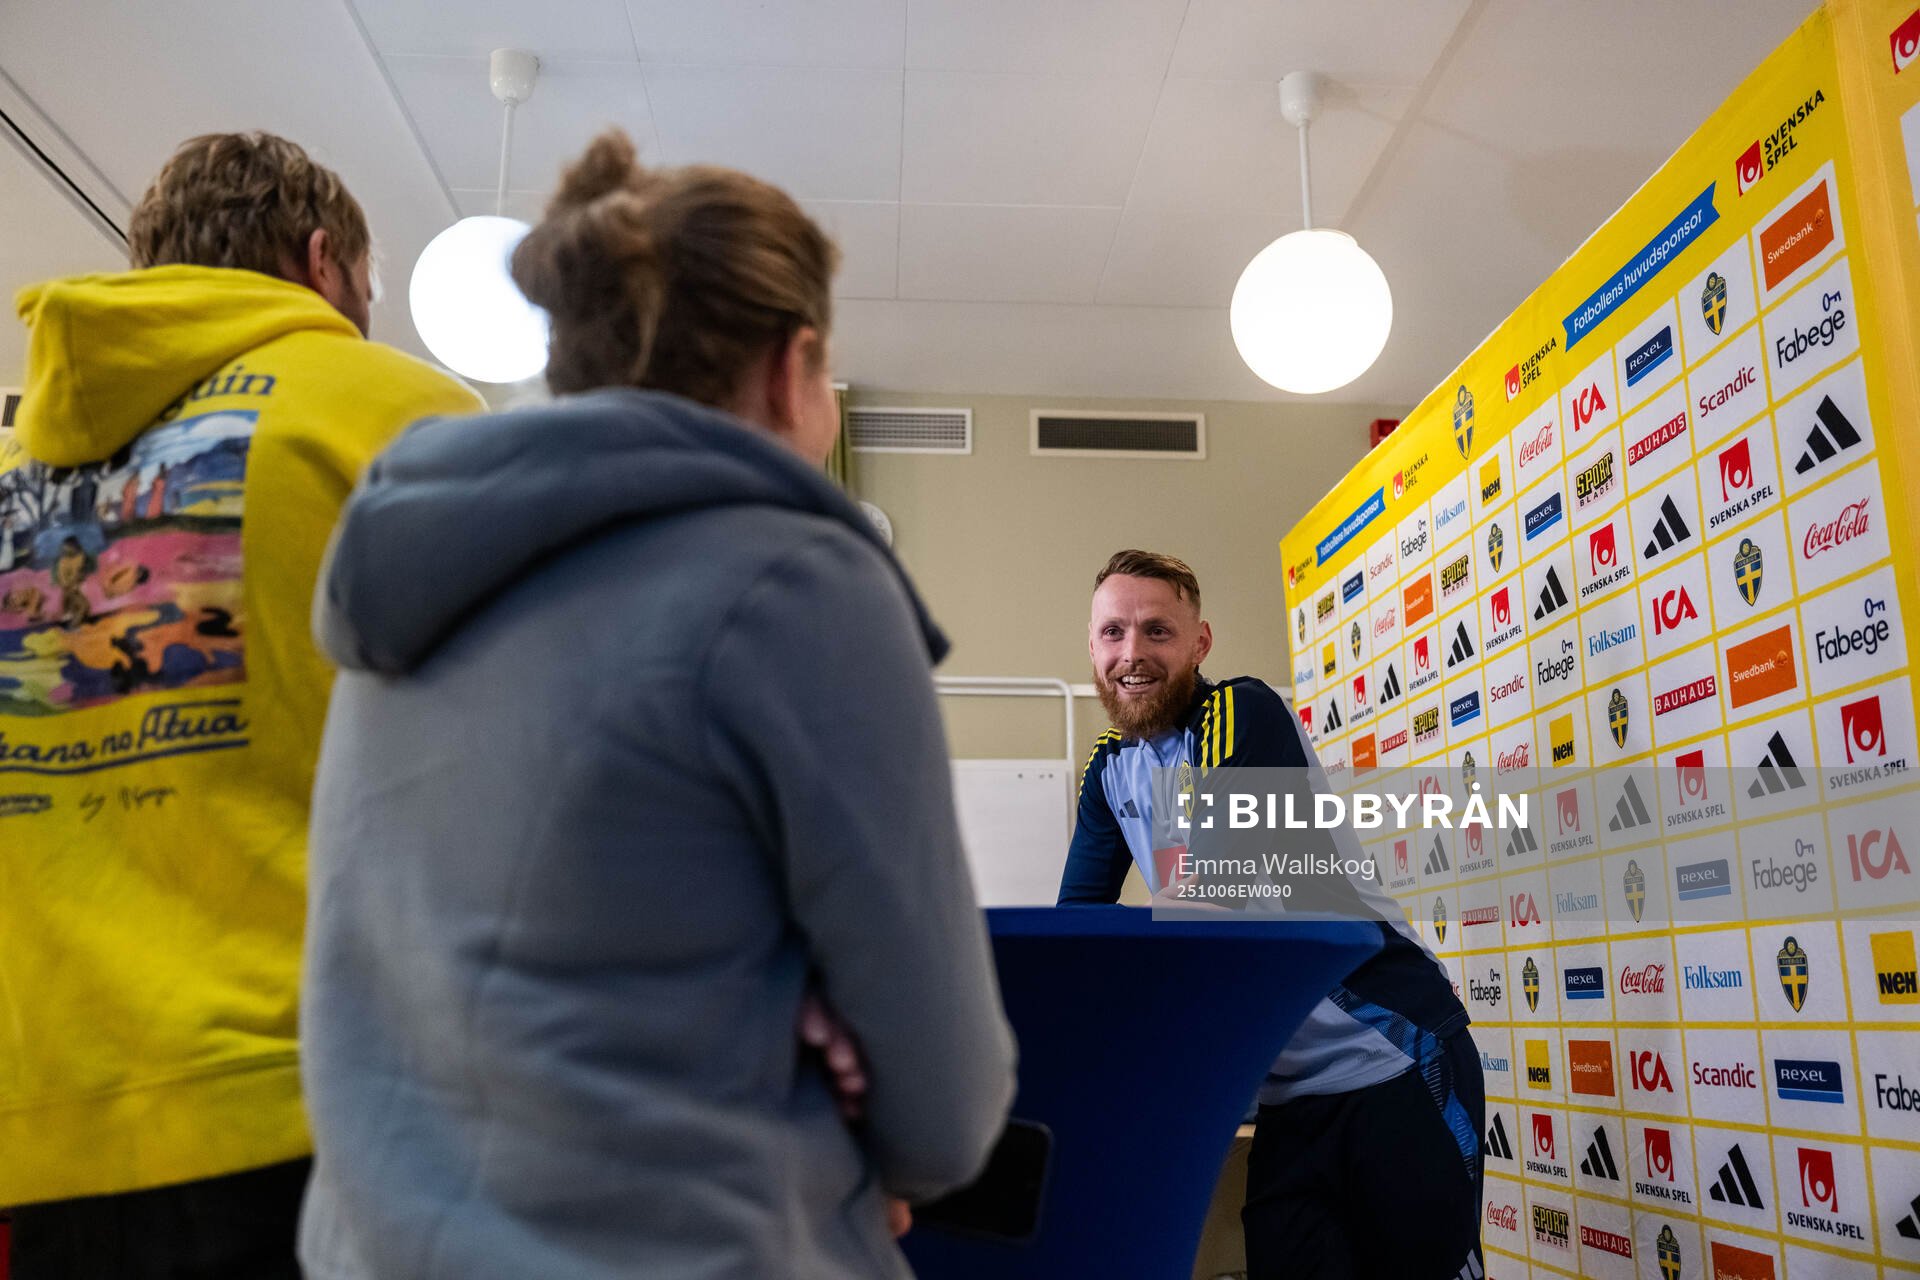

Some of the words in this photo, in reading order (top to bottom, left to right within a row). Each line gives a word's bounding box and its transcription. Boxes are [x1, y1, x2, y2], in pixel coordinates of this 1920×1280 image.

[1764, 89, 1825, 154] SVENSKA
[1767, 135, 1798, 171] SPEL
[1767, 222, 1813, 264] Swedbank
[1574, 281, 1623, 334] Fotbollens
[1624, 208, 1703, 290] huvudsponsor
[1776, 309, 1846, 369] Fabege
[1521, 337, 1557, 375] SVENSKA
[1522, 366, 1541, 389] SPEL
[1699, 366, 1756, 418] Scandic
[1572, 381, 1607, 432] ICA
[1519, 421, 1554, 468] Coca-Cola
[1629, 415, 1686, 463] BAUHAUS
[1404, 453, 1429, 480] SVENSKA
[1576, 453, 1613, 499] SPORT
[1405, 477, 1418, 493] SPEL
[1579, 478, 1615, 507] BLADET
[1435, 499, 1466, 532] Folksam
[1710, 498, 1750, 528] SVENSKA
[1751, 485, 1774, 506] SPEL
[1803, 495, 1871, 560] Coca-Cola
[1401, 531, 1427, 560] Fabege
[1370, 553, 1393, 581] Scandic
[1440, 555, 1469, 591] SPORT
[1581, 574, 1613, 598] SVENSKA
[1614, 565, 1631, 583] SPEL
[1653, 585, 1698, 636] ICA
[1486, 633, 1509, 651] SVENSKA
[1509, 624, 1522, 641] SPEL
[1589, 624, 1636, 657] Folksam
[1816, 619, 1889, 664] Fabege
[1409, 677, 1427, 692] SVENSKA
[1428, 670, 1438, 684] SPEL
[1538, 655, 1574, 686] Fabege
[1733, 659, 1775, 683] Swedbank
[1490, 674, 1525, 703] Scandic
[1655, 678, 1715, 713] BAUHAUS
[1413, 707, 1439, 738] SPORT
[1497, 741, 1529, 776] Coca-Cola
[1829, 766, 1882, 790] SVENSKA
[1883, 758, 1909, 777] SPEL
[1667, 809, 1704, 827] SVENSKA
[1705, 804, 1725, 818] SPEL
[1550, 838, 1577, 853] SVENSKA
[1578, 835, 1594, 847] SPEL
[1847, 826, 1911, 882] ICA
[1460, 860, 1480, 874] SVENSKA
[1482, 858, 1494, 868] SPEL
[1752, 857, 1818, 893] Fabege
[1462, 907, 1499, 924] BAUHAUS
[1509, 892, 1541, 928] ICA
[1556, 892, 1598, 915] Folksam
[1469, 979, 1502, 1006] Fabege
[1620, 964, 1666, 995] Coca-Cola
[1684, 965, 1742, 989] Folksam
[1479, 1053, 1509, 1072] olksam
[1572, 1061, 1602, 1073] Swedbank
[1630, 1050, 1674, 1093] ICA
[1693, 1062, 1756, 1089] Scandic
[1526, 1160, 1551, 1175] SVENSKA
[1553, 1165, 1568, 1178] SPEL
[1635, 1182, 1671, 1201] SVENSKA
[1672, 1190, 1692, 1203] SPEL
[1486, 1200, 1518, 1232] Coca-Cola
[1533, 1205, 1569, 1240] SPORT
[1787, 1212, 1834, 1234] SVENSKA
[1836, 1223, 1865, 1240] SPEL
[1536, 1232, 1569, 1249] BLADET
[1582, 1228, 1631, 1254] BAUHAUS

-------

Quote the records above in full, dropping each picture.

Some of the words in this photo, in reading order (top to bottom, left to right within a row). Each line gives a word's bounding box and its transcription. Boxes are [x1, y1, x2, y2], in pixel coordinates of this 1920×1280 image.

[1764, 89, 1825, 154] SVENSKA
[1767, 135, 1798, 171] SPEL
[1767, 222, 1813, 264] Swedbank
[1574, 281, 1623, 334] Fotbollens
[1624, 208, 1703, 290] huvudsponsor
[1776, 309, 1846, 369] Fabege
[1521, 337, 1557, 375] SVENSKA
[1522, 366, 1541, 389] SPEL
[1699, 366, 1756, 418] Scandic
[1572, 381, 1607, 432] ICA
[1519, 421, 1554, 468] Coca-Cola
[1629, 415, 1686, 463] BAUHAUS
[1404, 453, 1429, 480] SVENSKA
[1576, 453, 1613, 499] SPORT
[1405, 477, 1418, 493] SPEL
[1579, 478, 1615, 507] BLADET
[1435, 499, 1466, 532] Folksam
[1710, 498, 1750, 528] SVENSKA
[1751, 485, 1774, 506] SPEL
[1803, 495, 1871, 560] Coca-Cola
[1401, 531, 1427, 560] Fabege
[1370, 553, 1393, 581] Scandic
[1440, 555, 1469, 591] SPORT
[1581, 574, 1613, 598] SVENSKA
[1614, 565, 1631, 583] SPEL
[1653, 585, 1698, 636] ICA
[1486, 633, 1509, 651] SVENSKA
[1509, 624, 1522, 641] SPEL
[1589, 624, 1636, 657] Folksam
[1816, 619, 1889, 664] Fabege
[1409, 677, 1427, 692] SVENSKA
[1428, 670, 1438, 684] SPEL
[1538, 655, 1574, 686] Fabege
[1733, 659, 1775, 683] Swedbank
[1490, 674, 1525, 703] Scandic
[1655, 678, 1715, 713] BAUHAUS
[1413, 707, 1439, 738] SPORT
[1497, 741, 1529, 776] Coca-Cola
[1829, 766, 1882, 790] SVENSKA
[1883, 758, 1909, 777] SPEL
[1667, 809, 1704, 827] SVENSKA
[1705, 804, 1725, 818] SPEL
[1550, 838, 1577, 853] SVENSKA
[1578, 835, 1594, 847] SPEL
[1847, 826, 1911, 882] ICA
[1460, 860, 1480, 874] SVENSKA
[1482, 858, 1494, 868] SPEL
[1752, 857, 1818, 893] Fabege
[1462, 907, 1499, 924] BAUHAUS
[1509, 892, 1541, 928] ICA
[1556, 892, 1598, 915] Folksam
[1469, 979, 1502, 1006] Fabege
[1620, 964, 1666, 995] Coca-Cola
[1684, 965, 1742, 989] Folksam
[1479, 1053, 1509, 1072] olksam
[1572, 1061, 1602, 1073] Swedbank
[1630, 1050, 1674, 1093] ICA
[1693, 1062, 1756, 1089] Scandic
[1526, 1160, 1551, 1175] SVENSKA
[1553, 1165, 1568, 1178] SPEL
[1635, 1182, 1671, 1201] SVENSKA
[1672, 1190, 1692, 1203] SPEL
[1486, 1200, 1518, 1232] Coca-Cola
[1533, 1205, 1569, 1240] SPORT
[1787, 1212, 1834, 1234] SVENSKA
[1836, 1223, 1865, 1240] SPEL
[1536, 1232, 1569, 1249] BLADET
[1582, 1228, 1631, 1254] BAUHAUS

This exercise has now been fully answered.